Specifically, the switching elements SW _UH and SW _UL connected in series, the switching elements SW _VH and SW _VL connected in series, and the switching elements SW _WH and SW _WL connected in series are a power supply device. 1 is connected in parallel between the high potential (output) side of 1 and the ground potential.

The drain terminal of the switching element SW _UH is connected to the output terminal of the power supply device 1 via the power switch 4. The source terminal of the switching element SW _UL is connected to GND (ground). A connection point N1 between the source terminal of the switching element SW _{UH and} the drain terminal of the switching element SW _UL is connected to one end of the coil Lu.

The drain terminal of the switching element SW _VH is connected to the drain terminal of the switching element SW _UH . The source terminal of the switching element SW _VL is connected to GND (ground). And the source terminal of the switching element _{SW VH,} a connection point N2 between the drain terminal of the switching element _{SW VL} is connected to one end of the coil Lv.

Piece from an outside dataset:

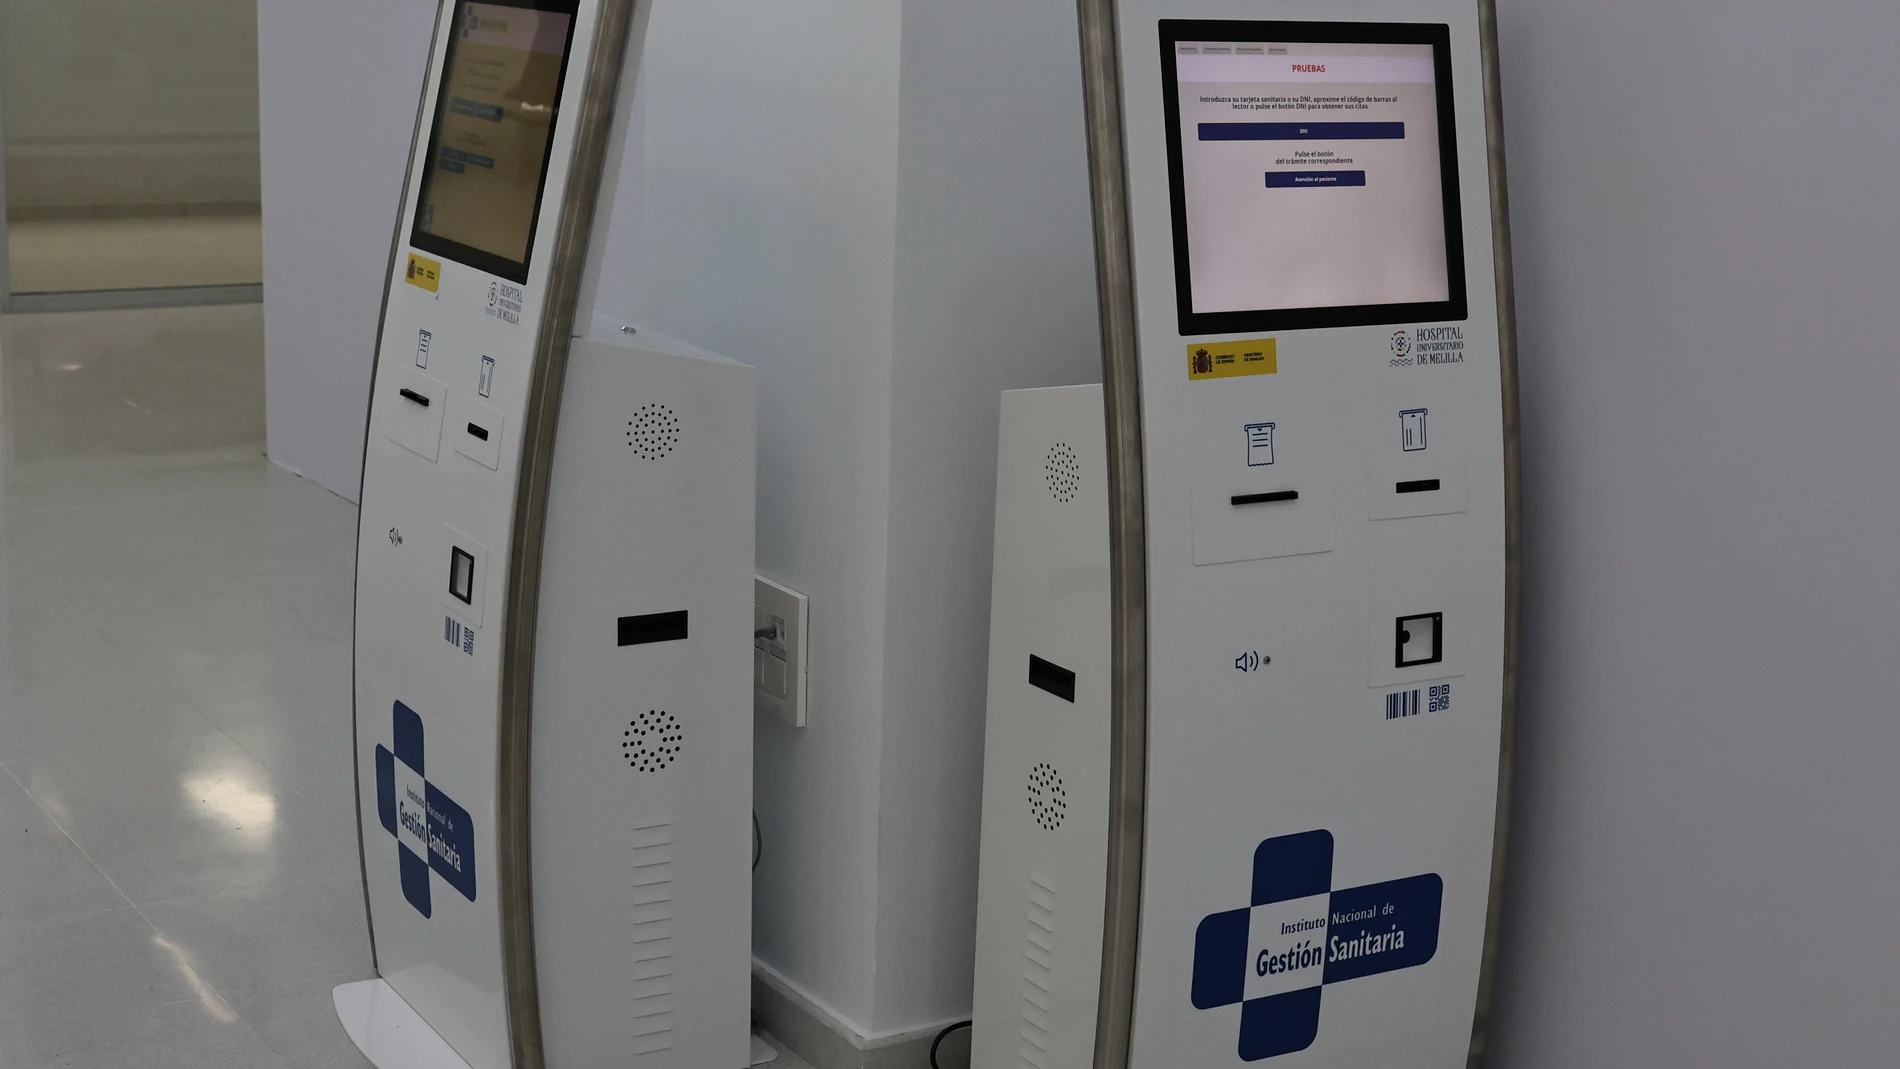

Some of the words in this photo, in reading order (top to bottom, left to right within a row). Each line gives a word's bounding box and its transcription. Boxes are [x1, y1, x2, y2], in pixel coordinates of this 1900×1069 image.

The drain terminal of the switching element SW _WH is connected to the drain terminal of the switching element SW _UH . The source terminal of the switching element SW _WL is connected to GND (ground). And the source terminal of the switching element _{SW WH,} connection point N3 between the drain terminal of the switching element _{SW WL} is connected to one end of the coil Lw.

Each switching element SW _{UH to} SW _WL has a gate terminal connected to the pre-driver 8.

The fail safe relay 3 includes three switching elements SW _FSRU , SW _FSRV , and SW _FSRV .

The switching element SW _FSRU is connected between the connection point N1 and one end of the coil Lu, and is controlled to be in an on state or an off state by control by the control unit 9. When the switching element SW _FSRU is in the ON state, a U-phase current (hereinafter referred to as “U-phase current”) is supplied from the connection point N1 to the coil Lu. On the other hand, when the switching element SW _FSRU is in the off state, the supply of the U-phase current from the connection point N1 to the coil Lu is cut off.

The switching element SW _FSRV is connected between the connection point N2 and one end of the coil Lv, and is controlled to an on state or an off state by control by the control unit 9. When switching element SW _FSRV is in the ON state, a V-phase current (hereinafter referred to as “V-phase current”) is supplied from connection node N2 to coil Lv. On the other hand, when the switching element SW _FSRV is in the OFF state, the supply of the V-phase current from the connection point N2 to the coil Lv is interrupted.

The switching element SW _FSRW is connected between the connection point N3 and one end of the coil Lw, and is controlled to be in an on state or an off state by control by the control unit 9. When the switching element SW _FSRW is in the ON state, a W-phase current (hereinafter referred to as “W-phase current”) is supplied from the connection point N3 to the coil Lw. On the other hand, when the switching element SW _FSRW is in the OFF state, the supply of the W-phase current from the connection point N3 to the coil Lw is interrupted.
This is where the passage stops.